Illinois scientists to revamp corn breeding with focus on climate resilience

Two men wearing hats stand surrounded by large corn stalks. They are inspecting an ear of corn in the foreground.
From left: Chris Mujjabi and Martin Bohn

The USDA National Institute of Food and Agriculture is investing in University of Illinois Urbana-Champaign research that could expedite the development of climate-resilient corn. 

The three-year, $720,000 project adds greater detail to the process of genomic selection now standard in plant breeding, which uses computer models to predict plant performance based on genetic makeup. Genomic selection is more efficient than older breeding methods, which require making hundreds of crosses and growing them all in the field to measure phenotypic traits like yield and disease resistance. Although genomic selection models predict phenotypes with 80 to 90% accuracy, project leader Martin Bohn thinks the process could be improved further.

“Genomic selection works; plant breeding companies rely on it. However, we want to develop high-accuracy prediction models that can tell us how a genotype will perform in a certain environment. Unfortunately, predicting genotype by environment interactions is still kind of a problem,” said Bohn, a professor in the Department of Crop Sciences, part of the College of Agricultural, Consumer and Environmental Sciences (ACES) at Illinois.  

Currently, genomic selection relies on single nucleotide polymorphisms: tiny differences in the genetic code that may or may not be meaningful for predicting traits breeders and farmers care about. Bohn’s team, which includes Illinois crop sciences professor Alex Lipka and researchers at the University of Arkansas and the University of Minnesota, will add markers related to gene expression to predict how new hybrids and inbreds will respond to a given environment.

“Corn inbred lines and hybrids vary with their response to the environment, and this is reflected in how genes are expressed. When there's a drought or heat stress, certain genes are up-regulated (expressed more abundantly), and others are down-regulated. We will look at the abundance and variation of gene expression products, in this case RNA, as a response to heat and cold stress,” Bohn said. “That information will help plant breeders or companies target their breeding program for environments that are changing very rapidly.” 

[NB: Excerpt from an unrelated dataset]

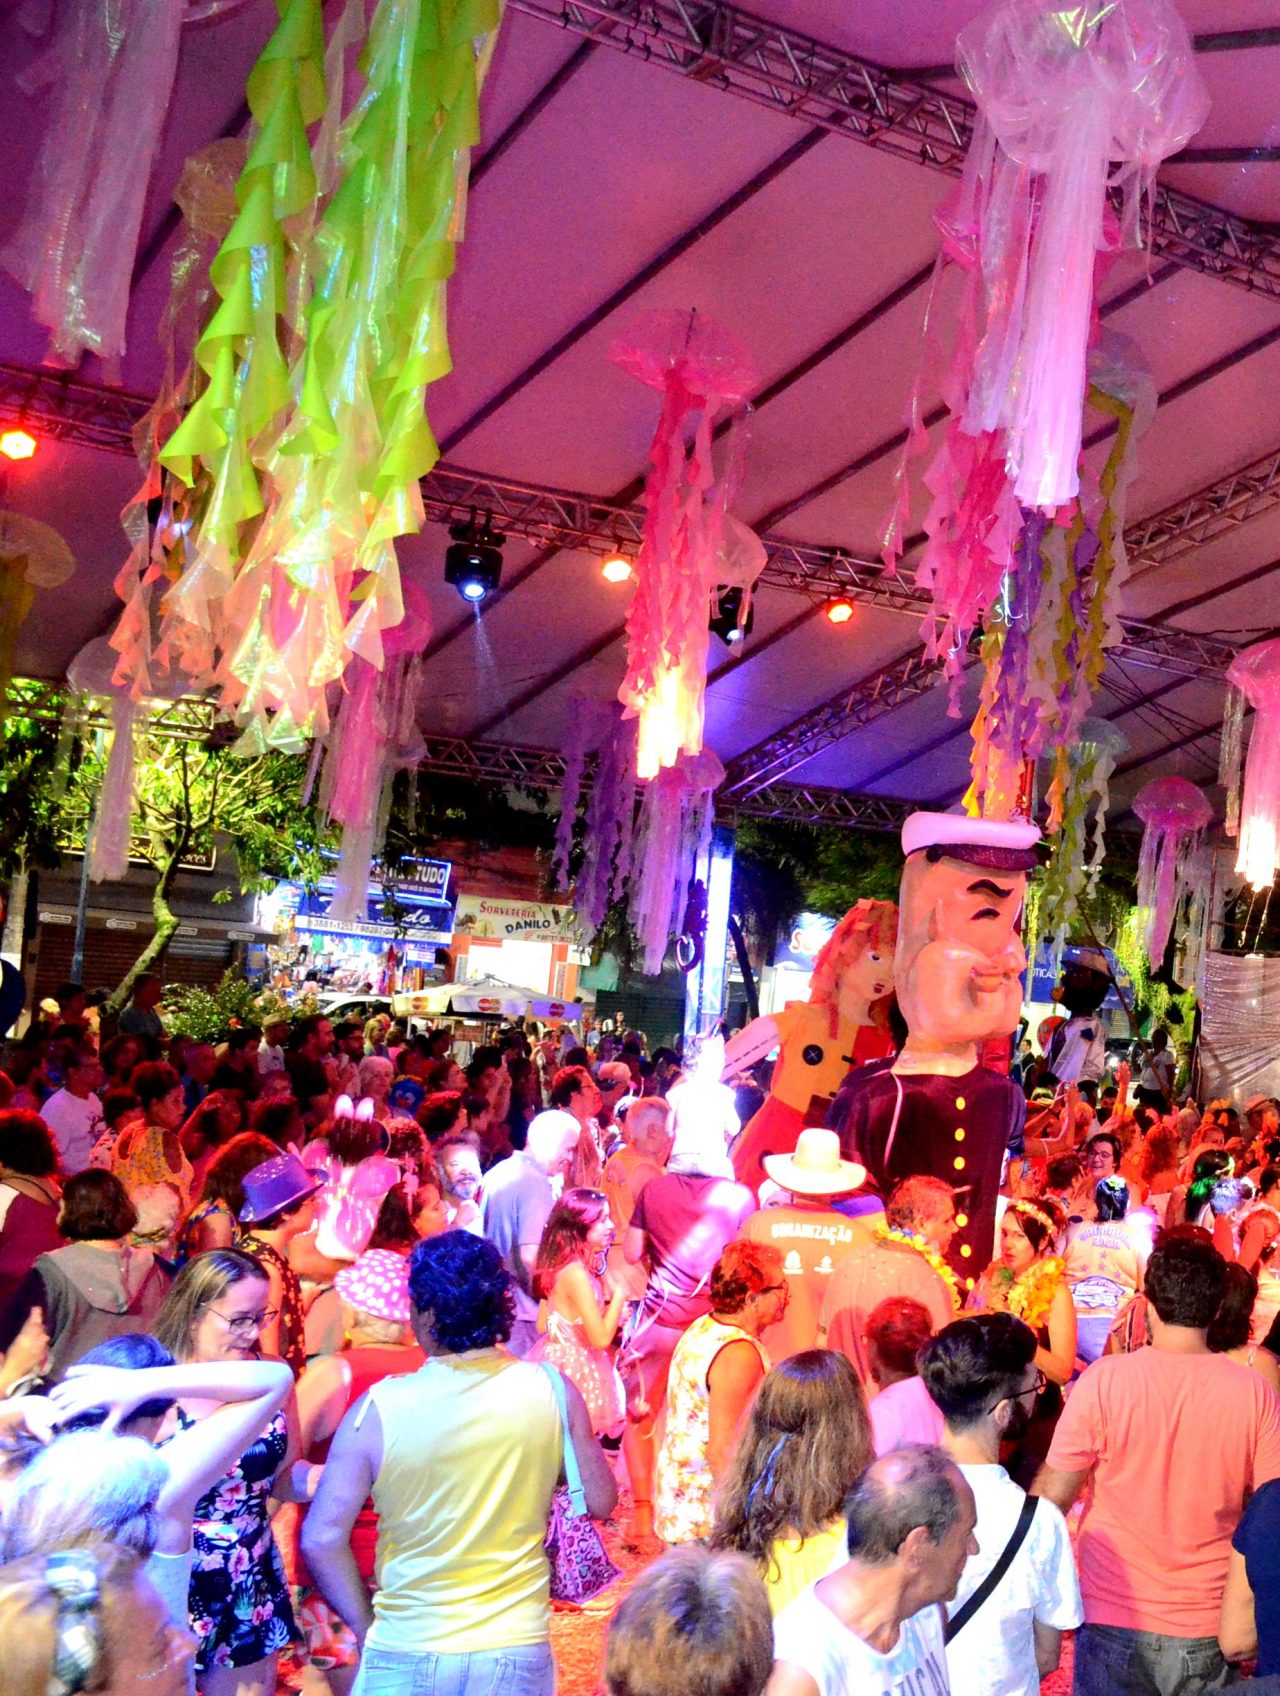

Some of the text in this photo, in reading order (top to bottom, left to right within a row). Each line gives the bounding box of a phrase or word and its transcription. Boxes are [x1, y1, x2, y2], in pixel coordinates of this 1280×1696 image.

[416, 865, 446, 883] TUDO
[480, 901, 536, 918] SORVETERIA
[505, 919, 551, 934] DANILO
[771, 1222, 853, 1246] ORGANIZAÇÃO

The team has gotten a head start on the project by leveraging data from another initiative called Genomes to Fields (G2F). Bohn and colleagues from the USDA Agricultural Research Service at Iowa State University and the University of Guelph used the G2F platform to test a set of 288 elite corn hybrids and inbred lines, which represent a major portion of the corn breeding materials used by breeders today, across 25 locations in the U.S. In the new project, Bohn’s team will subject hundreds of these seedlings to heat and cold stress in growth chambers and extract RNA to study gene expression. A single round of this process can be completed in a matter of weeks and within a few square feet, compared to large field trials that last a full growing season or longer.

This gene expression data can then be layered into genomic prediction models to find better-adapted genotypes for particular locations and future climates, with no wasted effort on hybrids and inbreds that don’t make the cut.

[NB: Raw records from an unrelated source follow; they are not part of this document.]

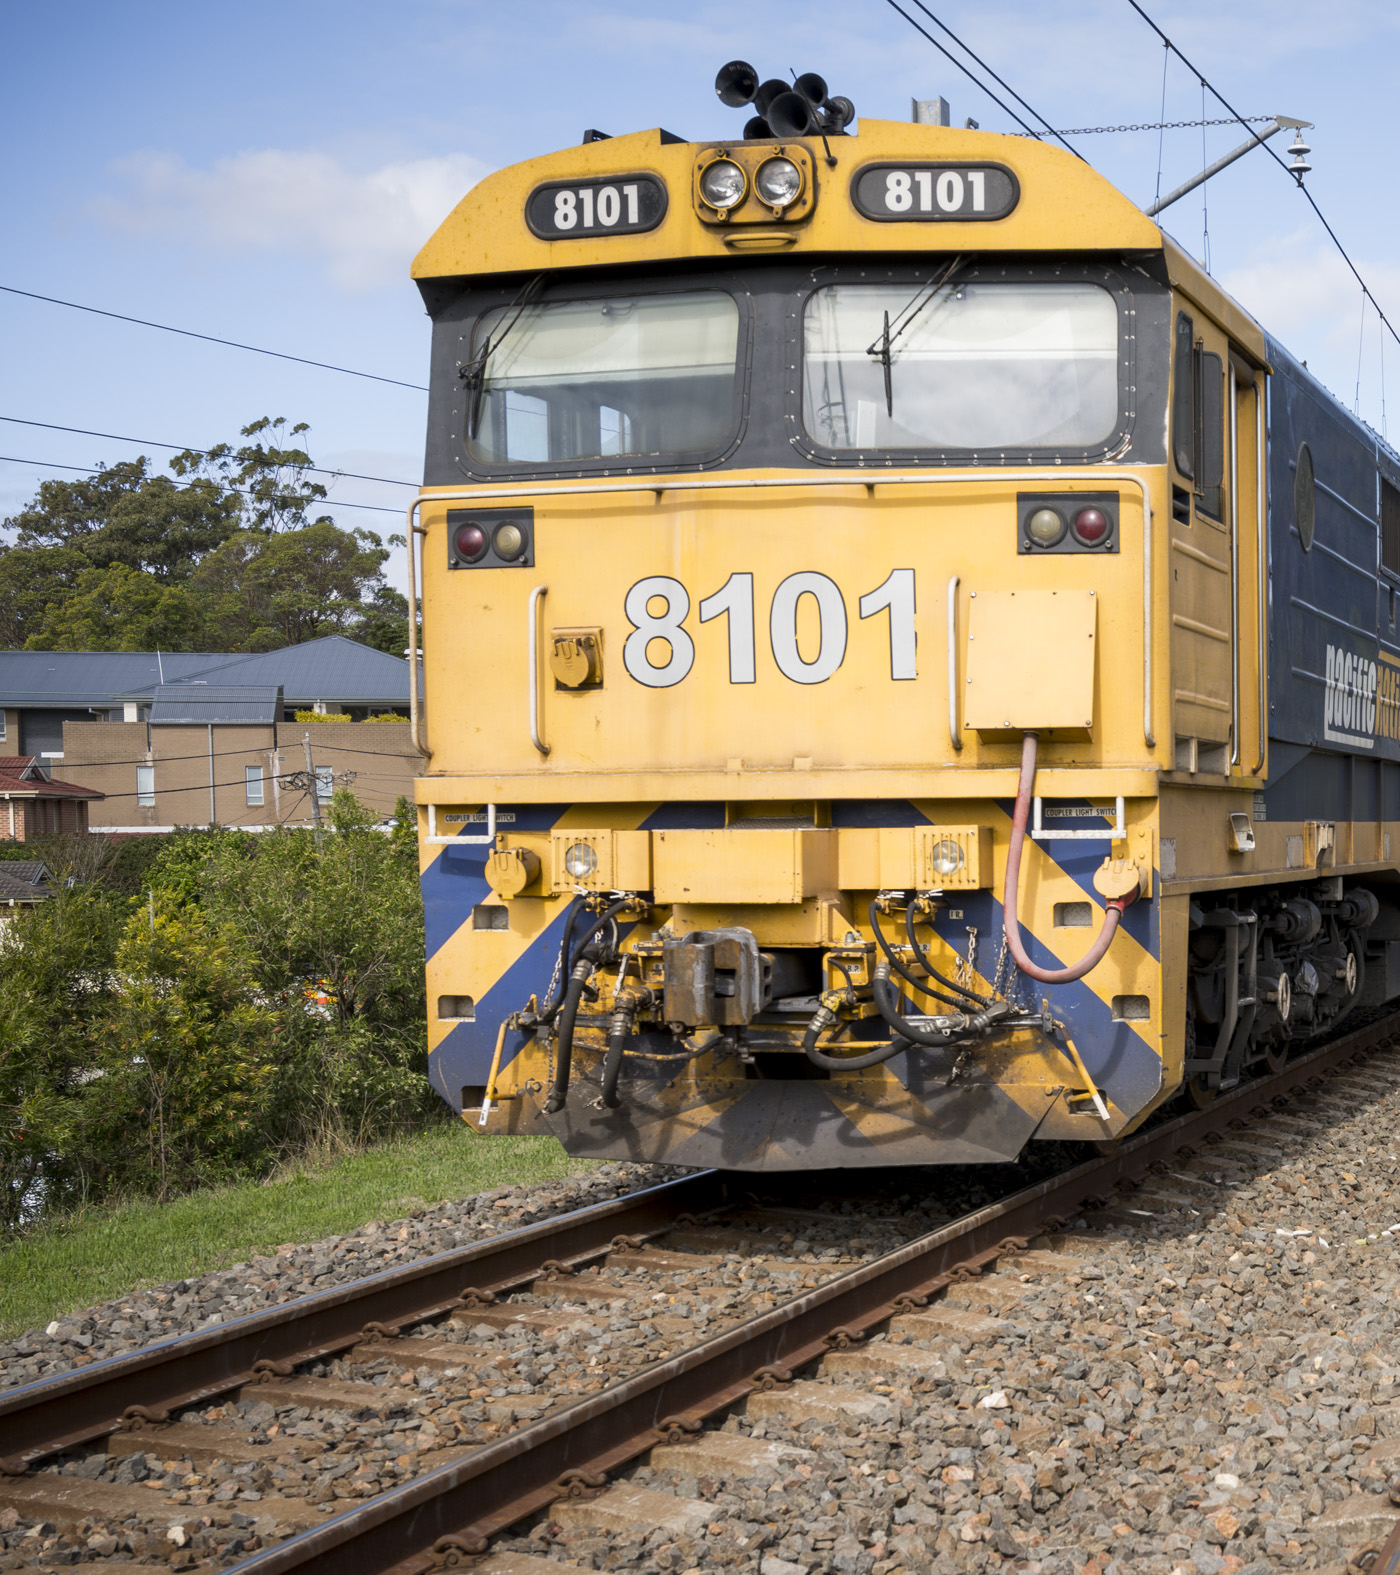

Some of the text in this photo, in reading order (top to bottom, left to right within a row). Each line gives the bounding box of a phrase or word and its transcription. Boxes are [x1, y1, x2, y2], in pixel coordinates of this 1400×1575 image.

[553, 184, 639, 230] 8101
[884, 171, 985, 212] 8101
[622, 568, 918, 688] 8101
[1324, 644, 1377, 748] pacific
[445, 814, 470, 822] COUPLER
[1046, 808, 1073, 816] COUPLER
[1075, 808, 1093, 816] LIGHT

Bohn emphasizes the importance of investigating not only how individual genes are expressed in response to environmental stress but also the interactions and dynamics within gene co-expression networks.

“We want to know what genes are working together in response to a specific stress,” he said. “When one gene is up-regulated, is it possible that another gene is down-regulated as a response to that? Or is it the other way around, or are they multiplying their effects? We want to look at the variation of expression in a specific gene as a response to stress, but we also want to look at all the genes and how they group into specific co-expression networks, and then utilize that information for prediction.” 

The team’s novel approach could set the stage for a new and even more efficient way of breeding corn, with the goal of enhancing food security under a changing climate.

 “One of the grant’s objectives is to determine new ways of integrating information from these prediction models into breeding programs, asking what are the operational decisions that we have to make in order to make them useful for plant breeding,” Bohn said. “Or is it time to throw our current processes out the window and rethink corn breeding from the ground up? Given all the techniques we can use these days, is the status quo still the right way of doing things? We want to ask these questions with this project.

“Things are changing so rapidly and unpredictably that plant breeding companies need to invest in breeding strategies that allow them to make turns very rapidly. Utilizing gene expression, looking at the variation and the average gene expression as a response to new environmental conditions, will allow them to do that.”

Bohn is also affiliated with the Carl R. Woese Institute for Genomic Biology and the Center for Digital Agriculture at Illinois.